Δφω decreases from ≈π to slightly less than π/2 as the laser intensity ratio αωL goes from about 0.57 to 0.74. For each αωL, the phase shift Δφω between the central harmonic source and the two lateral ones is observed to vary linearly with harmonic frequency ω (Fig. 4a). A linear phase shift Δφω corresponds to a simple translation by τφω/ω in the time domain. In other words, these results show that the light fields E0(t) and E1(t), corresponding to the superposition of harmonics 11–13, emitted respectively by the central and lateral sources, are identical and simply shifted in time by a delay τ, that is, E0(t)=E1(t+τ).

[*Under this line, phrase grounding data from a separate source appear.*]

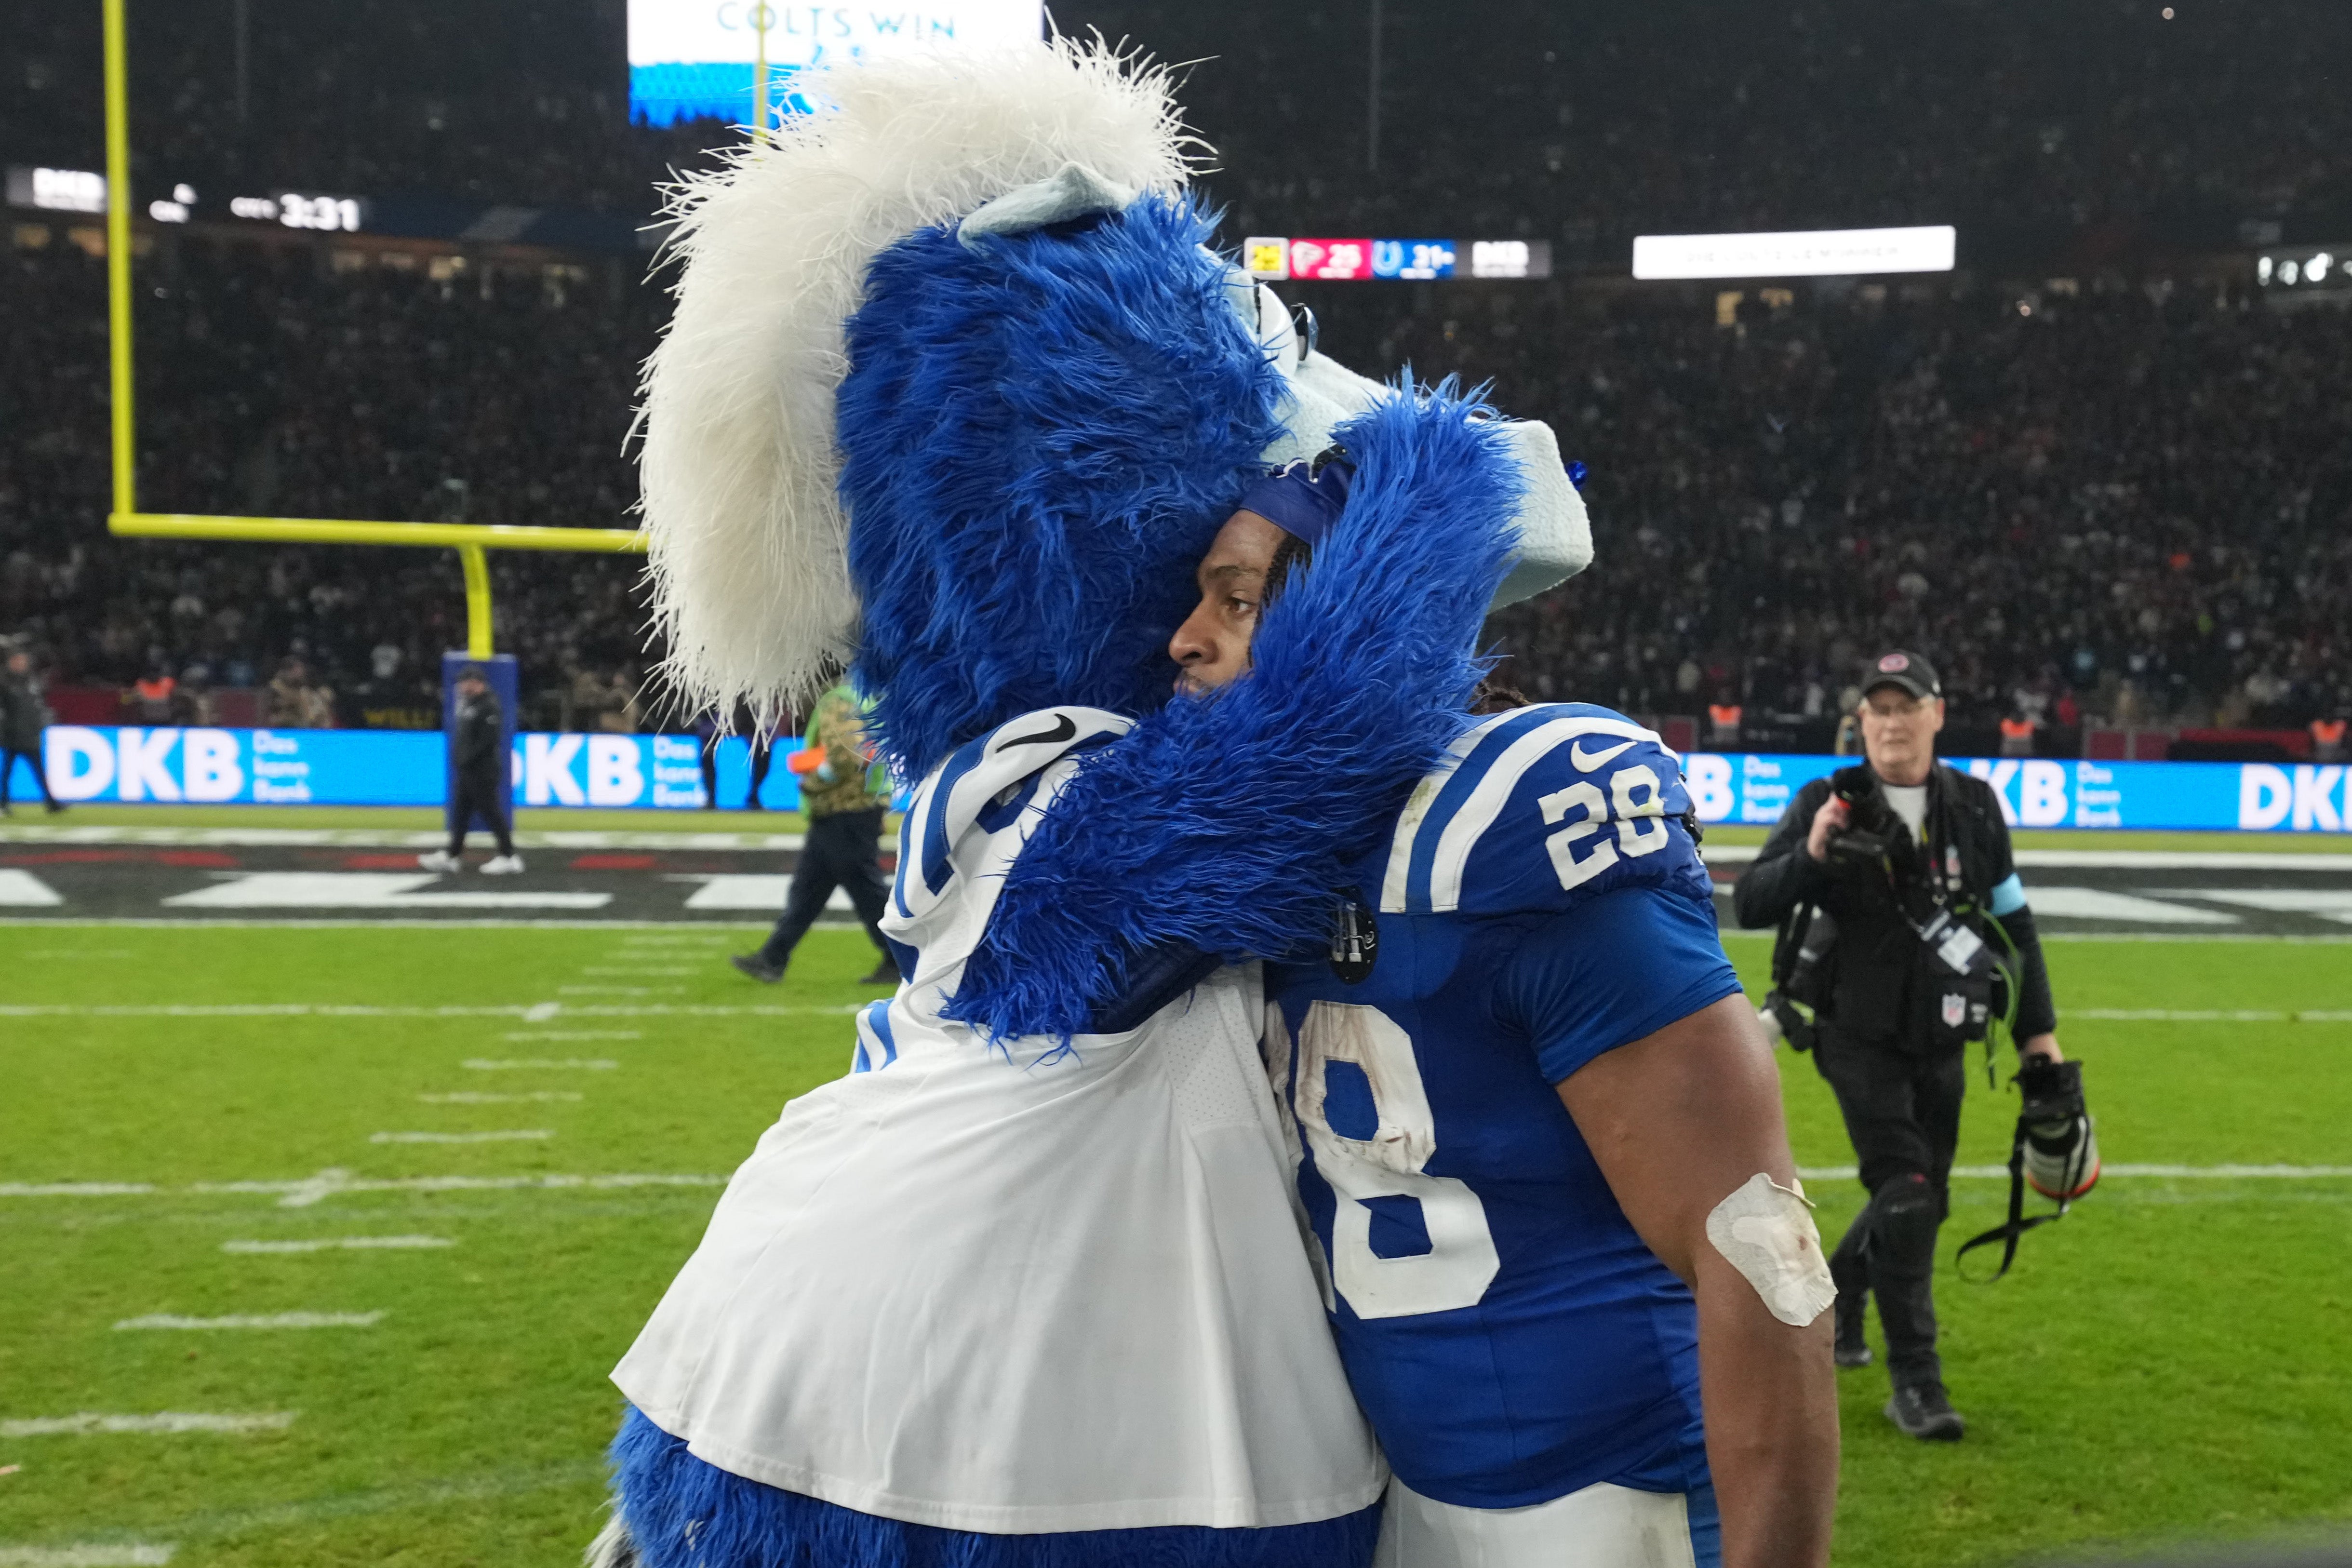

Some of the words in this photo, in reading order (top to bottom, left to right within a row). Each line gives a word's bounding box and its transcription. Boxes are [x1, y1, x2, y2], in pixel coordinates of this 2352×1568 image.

[717, 1, 852, 38] COLTS
[869, 12, 955, 39] WIN
[45, 726, 244, 802] DKB
[511, 732, 644, 806] KB
[1938, 758, 2069, 827] KB
[2239, 764, 2352, 832] DK
[1537, 764, 1669, 891] 28

Figure 4b shows that τ decreases as intensity ratio αωL gets closer to 1, as expected. These delays are smaller than 100 as: this remarkable sensitivity of the method comes from the fact that the contrast of the |kω| fringes goes from maximum to zero for a change of only π/2 of the phase of harmonic n (Fig. 3), corresponding to a shift in time of TL/4n, with n≈10 and TL=2.6 fs for an 800 nm laser field.

Numerical simulations with particle-in-cell (PIC) codes provide a physical interpretation of this delay τ (ref. 20). In CWE, trains of attosecond pulses are emitted by collective electron oscillations at the plasma–vacuum interface, which are triggered once every optical cycle in the wake of electron bunches12. These electron bunches are formed as the electric field pulls some electrons into vacuum, and then, when it changes sign, pushes them back into the overdense plasma22,23. When the peak intensity of the laser pulse is changed, the return time of these so-called ‘Brunel electrons’ to the plasma changes by a fraction of the laser optical period. The same time shift is transferred to the attosecond pulses. According to simulations, this is the main effect of an intensity variation of the driving laser on the attosecond pulse train.

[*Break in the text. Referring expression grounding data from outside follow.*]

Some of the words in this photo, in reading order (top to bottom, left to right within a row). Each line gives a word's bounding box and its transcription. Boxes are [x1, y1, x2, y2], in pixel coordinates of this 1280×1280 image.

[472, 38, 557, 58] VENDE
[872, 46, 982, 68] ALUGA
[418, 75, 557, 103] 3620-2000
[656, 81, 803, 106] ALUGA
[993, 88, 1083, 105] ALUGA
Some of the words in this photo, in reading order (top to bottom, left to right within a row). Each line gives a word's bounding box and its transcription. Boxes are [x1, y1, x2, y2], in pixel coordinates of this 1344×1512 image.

The delay associated with this effect, obtained from one-dimensional PIC simulations, is shown in Fig. 4, as a function of the intensity ratio αωL. It differs from the experimental values by a factor 1.6, but the evolutions with αωL are similar. This qualitative agreement is satisfactory, as a PIC code is only a model of the actual plasma, which does not take all physical processes into account (for example, collisions). For instance, whereas the expansion of the plasma is only approximately reproduced by PIC simulations, the delay τ depends on the length and shape of the density gradient at the plasma–vacuum interface. This comparison with simulations shows that our measurements give access to the change in return time of Brunel electrons with laser intensity, with sublaser cycle temporal resolution.

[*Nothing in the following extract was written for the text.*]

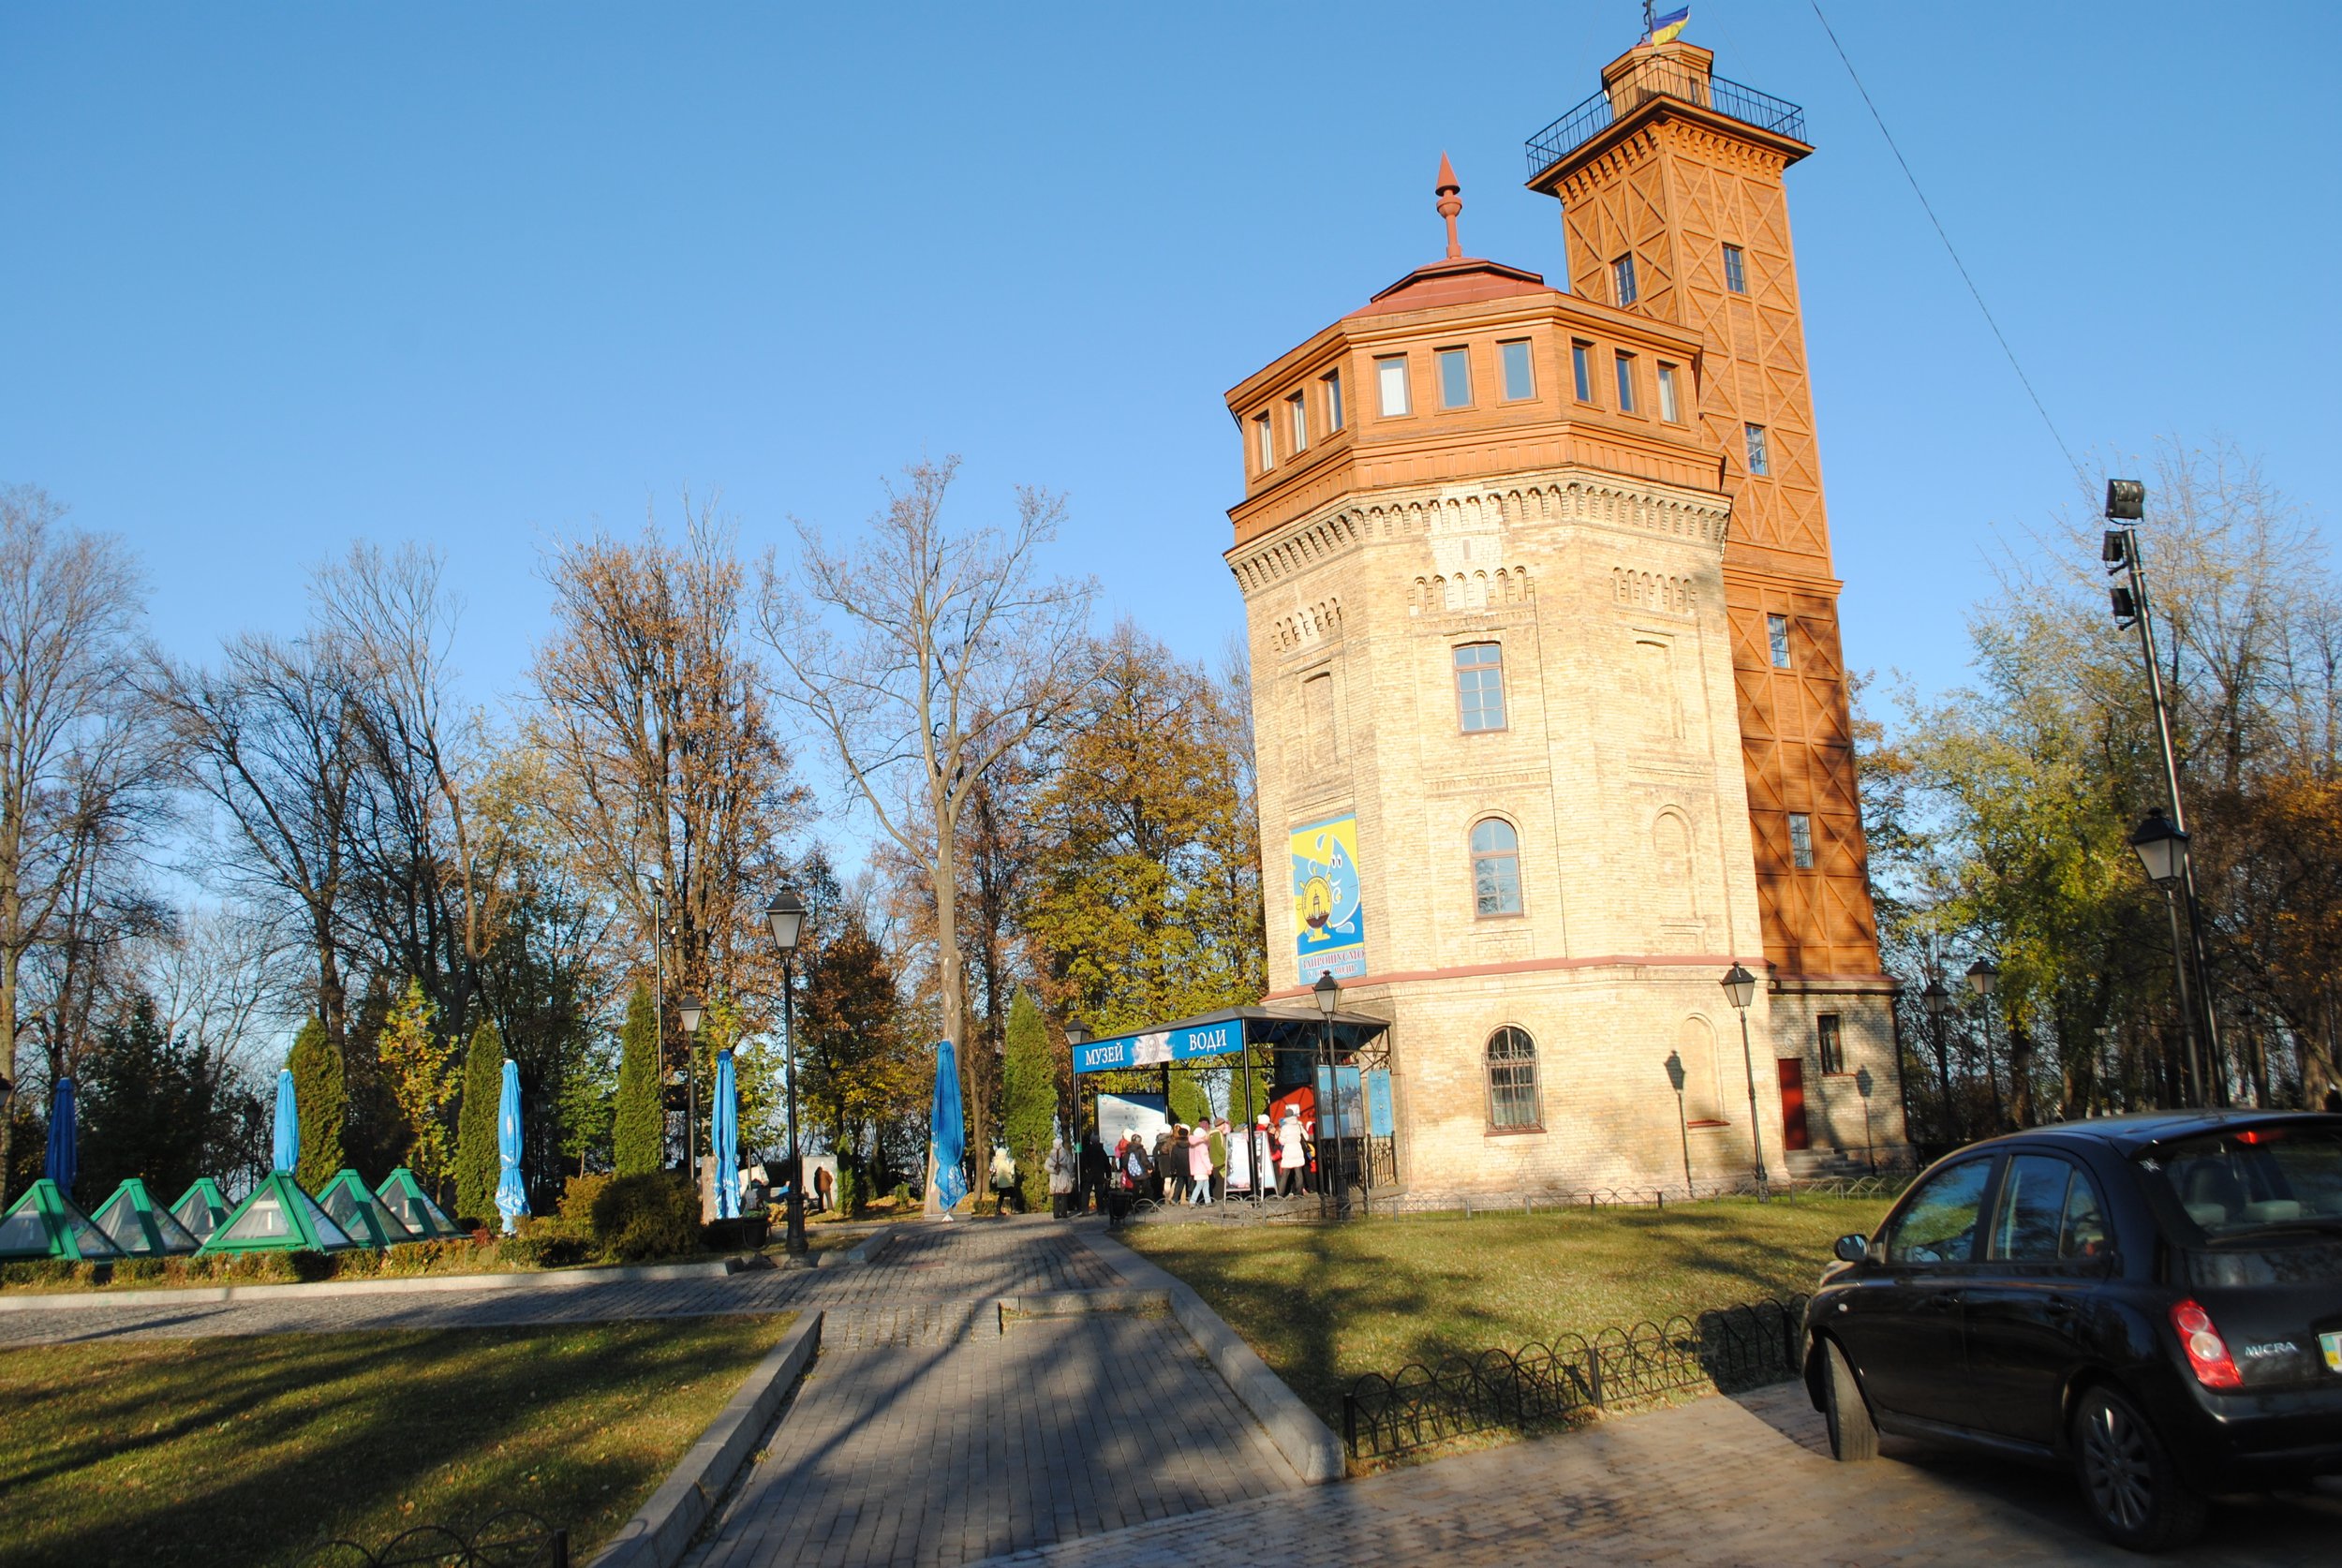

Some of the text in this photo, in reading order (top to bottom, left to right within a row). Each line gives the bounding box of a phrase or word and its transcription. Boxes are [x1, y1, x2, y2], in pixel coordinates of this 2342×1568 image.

[1085, 1029, 1227, 1066] МУЗЕЙ ВОДИ
[2245, 1341, 2300, 1358] MICRA

In the past 15 years, HHG from gases has been instrumental in providing a comprehensive understanding of the interaction of intense lasers with atoms and molecules3,4. Our measurements show that HHG from plasma mirrors can be used in a similar way as a probe of the coherent dynamics of plasmas driven by high-intensity lasers. Fully exploiting this new probe will require measurements of the harmonic field with attosecond resolution. Attosecond pulses can be generated not only when electrons return to the plasma (CWE), but also when they escape towards vacuum and reach relativistic velocities, thus inducing a Doppler upshift of the reflected light11,24,25. Measurements of the attosecond pulse trains associated with these two processes, and of their timing with respect to the driving laser optical cycle, should thus provide direct insight into the different stages of sublaser cycle electron dynamics. Studying this dynamics is essential for a proper understanding of many phenomena in laser–plasma physics, such as ion or electron acceleration, or short-wavelength-light generation, either by HHG or other mechanisms such as Kα emission26. From the point of view of applications, demonstrating the coherent character of HHG from plasma mirrors, as we have done here for CWE, is an important step for the development of this ultrashort-light source. Obtaining extremely short wavelengths will require the use of the Doppler effect occurring at higher intensities. Although this remains to be established experimentally, the coherence of the light beam is also expected to be preserved in this process20.

Methods

Experimental set-up

We use 60 fs, 10 TW pulses delivered by a chirped-pulse-amplification titanium–sapphire laser. A double-plasma-mirror optical switch is used at the output of the laser chain to improve the temporal contrast ratio by four orders of magnitude27. A transmission grating, consisting of a frosted-glass comb of 1 cm periodicity, with 4-mm-wide slits, is placed into the beam. To vary the effective slit width, a second identical grating is placed behind the first one and translated horizontally. This beam is then focused with an off-axis parabolic mirror of 500 mm focal length, with a numerical aperture that can be varied from f/10 to f/25 (corresponding to beam diameters of 50–20 mm). Diffraction from this grating leads, at the laser focus, to three main focal spots separated by a=40 μm. For a slit width of 4 mm, the intensity ratio between the central spot and the lateral ones is 0.57.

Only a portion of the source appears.